Being born and bred in Balgownie in the heart of the northern Illawarra coalfields, of course Mathew Findley was going to be a footballer, just not one of any great note, sadly.
Mathew was one of the lucky ones, he enjoyed his football as a right winger with the Fairy Meadow Rosebuds, went to war as a 24 year old miner, returned home, almost unscathed, got married, and lived a full and happy life, outliving many of his contemporaries.

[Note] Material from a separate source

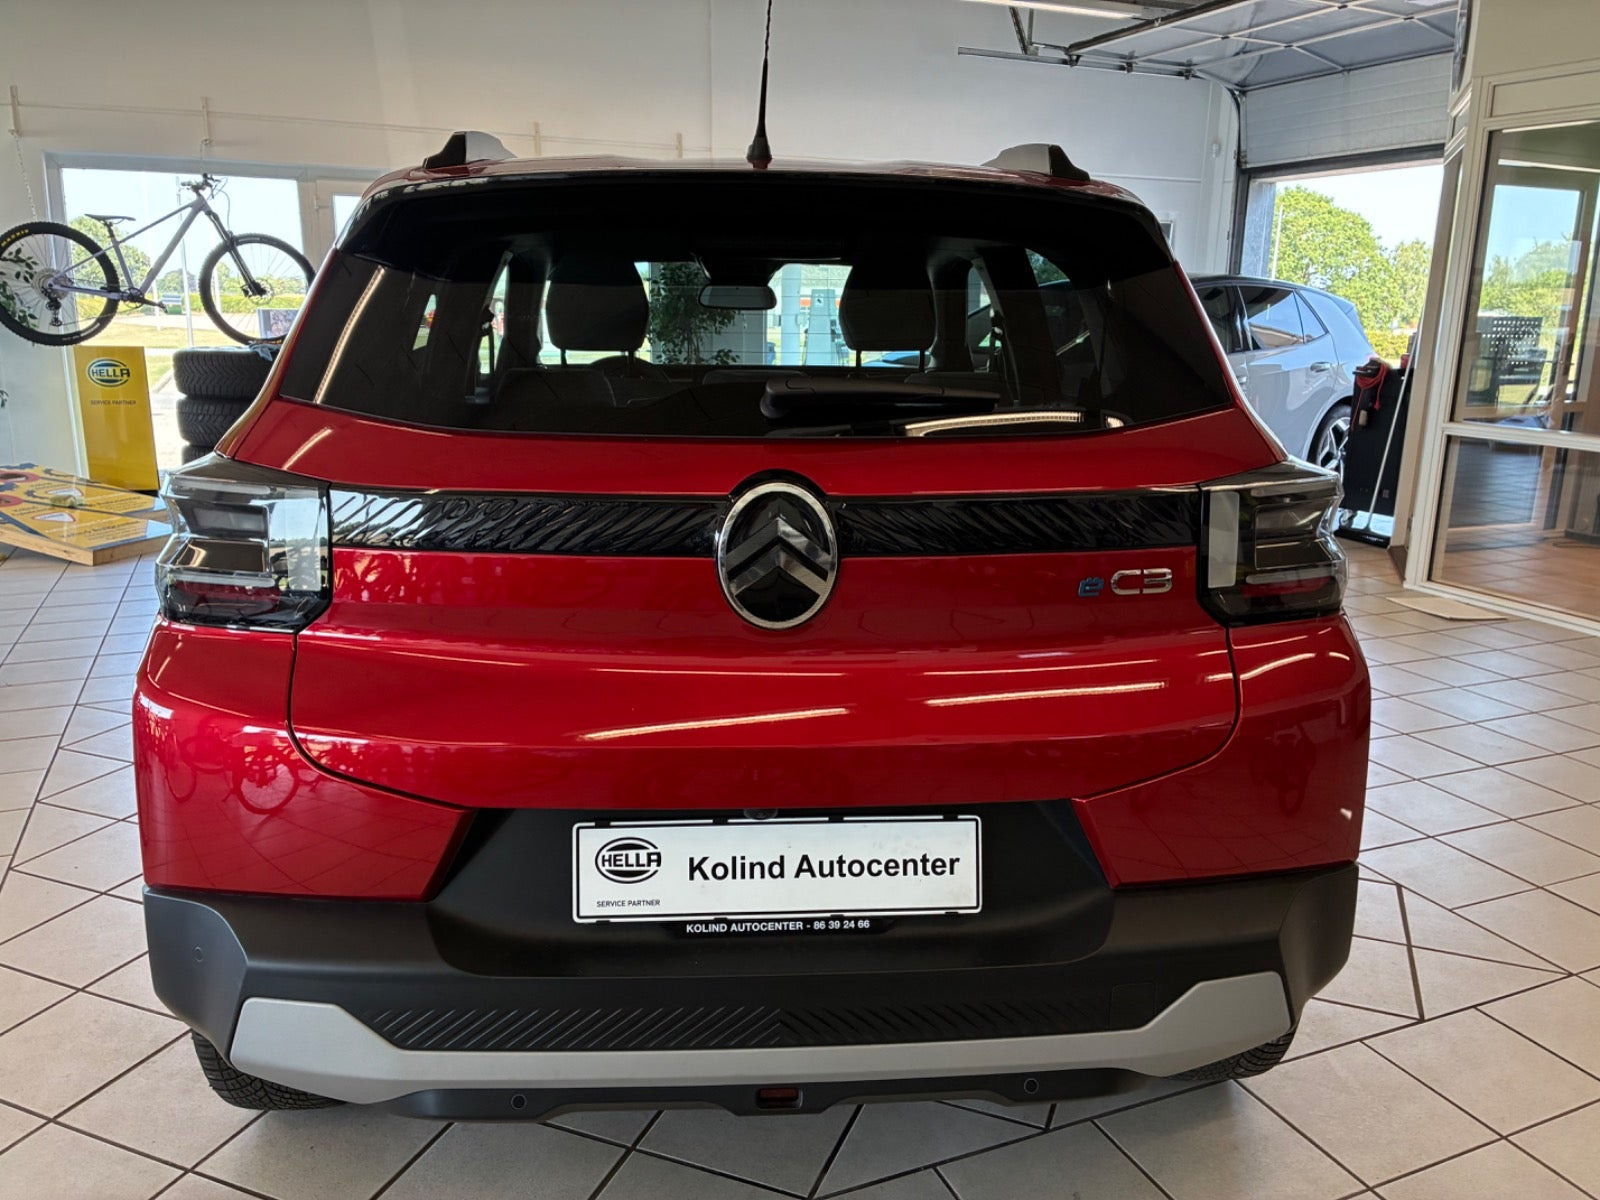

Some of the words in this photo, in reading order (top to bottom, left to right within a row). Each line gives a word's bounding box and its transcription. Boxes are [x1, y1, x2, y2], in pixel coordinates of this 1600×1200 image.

The son of a butcher who was bankrupted while Mat was still young, Findley went into the mines and was one of the first from Balgownie to enlist, signing up in Liverpool on April 9, 1915 and being assigned to C Company of the 19th Battalion AIF. Four months later he was shot in the right calf at Gallipoli and found himself hospitalised in Malta recuperating. Not a good spot for a right winger to be shot.
Ellis rejoined his unit for a second crack at the Dardanelles before they pulled out of the peninsula and headed to the trenches of France where his footballing career effectively came to an end after he received a second gunshot wound to his right leg.
Ellis married in 1923 and his life took him out of the mines, taking up the trade of an electrician. He and Dulcie were married for 27 years before her untimely death in 1950 Mathew then lived another 18 years and the couple were laid to rest in the Woronora Cemetery at Sutherland in Sydney’s south.